Respondent / Plaintiff

AND:               DAVID ARMSTRONG

Applicant / Defendant

REASONS FOR JUDGMENT

BEFORE THE HONOURABLE JUSTICE JONES

DELIVERED THE TWELFTH DAY OF APRIL, 2000

  1. Before me are two applications.  The first is by the defendant David Armstrong for the striking out of this action for the want of prosecution or, alternatively, on a ground of its being abuse of process.  The second is by the plaintiff Michael Rowley for leave to take a fresh step in the action.

  2. The plaintiff’s action is for damages for defamation, which he alleges arose from two oral publications by the defendant – one to Senator O’Chee on or about 19 June, 1995 and the other to Mr. Trevor Perrott MLA on or about 13 June, 1995.

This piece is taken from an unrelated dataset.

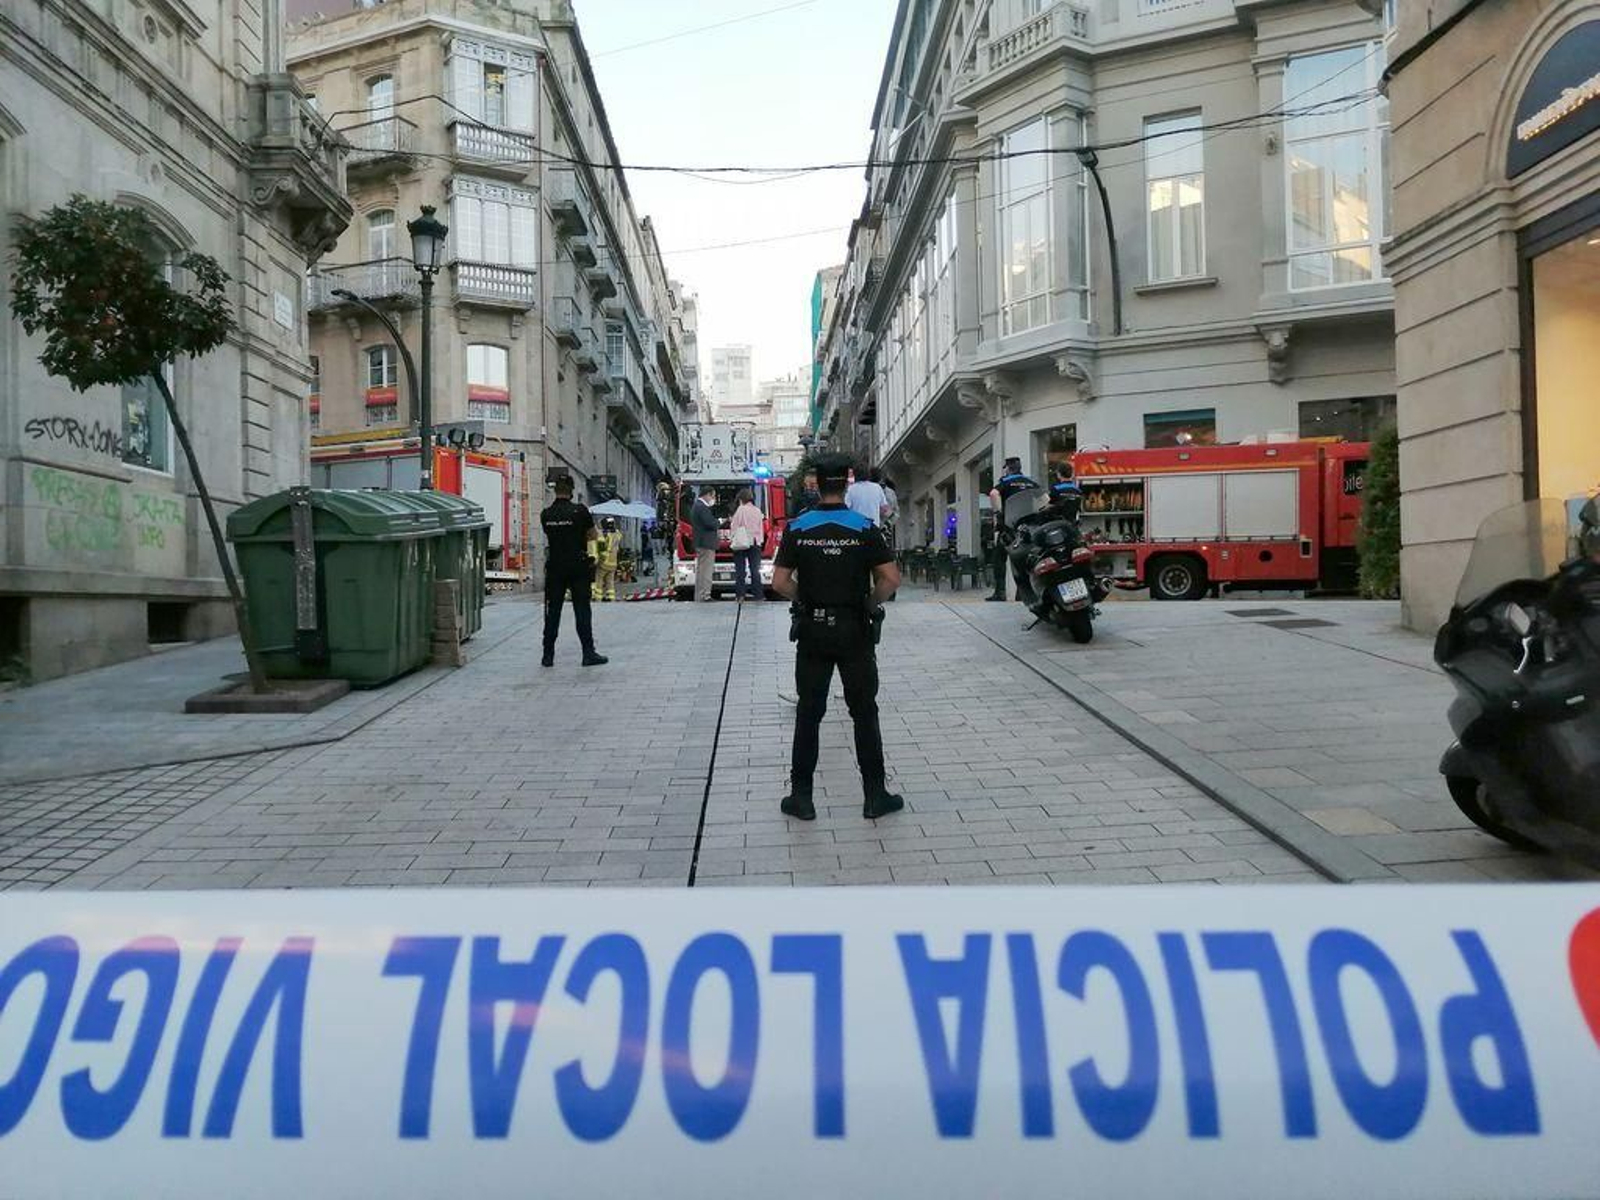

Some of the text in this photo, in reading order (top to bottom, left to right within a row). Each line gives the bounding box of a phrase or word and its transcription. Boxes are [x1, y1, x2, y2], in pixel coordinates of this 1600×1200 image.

[822, 547, 842, 556] VIGO
[0, 927, 1545, 1145] POLICIA LOCAL VIGO

  3. The words alleged to have been used made reference to the plaintiff being involved in illegal commercial fishing activities.

  4. By his defence, delivered on 2 October 1995, the defendant denies having published the defamatory matter on either occasions.  Alternatively, if found to have done so, the defendant claims the publication was in the public interest, made in respect of a subject matter to a person who had an interest in knowing the truth, and that the publication was fair comment.

  5. By his reply, the plaintiff joined issue on these claims.  The delivery of the reply on 25 October, 1995 was the last step in the action.  As more than three years have now elapsed since that step it is necessary for the plaintiff to seek leave to proceed.

  6. The alleged publication to these parliamentary representatives resulted in the topic being raised in the Senate of the Australian Parliament and in the Queensland Legislative Assembly.  Some days prior to the publication in the Senate, Senator O’Chee had made comments during a radio broadcast in respect of this same topic.  The plaintiff instituted proceedings against Senator O’Chee in respect of the radio broadcast claiming damages for defamation.  Senator O’Chee also moved a reference to the Senate Privileges Committee to investigate whether the threat of those proceedings constituted a contempt of the Senate.

  7. Meanwhile the defamation action proceeded to a point where there was an order made for the production by Senator O’Chee of documents in respect of which he claimed parliamentary privilege.  He appealed to the Court of Appeal against that order and was successful in a particular respect.  See Rowley v O’Chee [1].

    [1] (2000) 1QdR 207

  8. From the decision of the Court of Appeal special leave to appeal in the High Court of Australia was sought but was refused.  This decision was given on 20 November, 1998.

  9. In the meantime the Privileges Committee of the Senate had considered the referral handing down its findings in September, 1997.

  10. Some of the issues relevant to this action were agitated during the course of the appeal in the O’Chee case.  Waiting for the outcome of the appellate process was one of the reasons given for the lack of progress in this action.  The plaintiff’s solicitors had appraised the defendant’s solicitors of their intention to await the outcome of the application for special leave to the High Court.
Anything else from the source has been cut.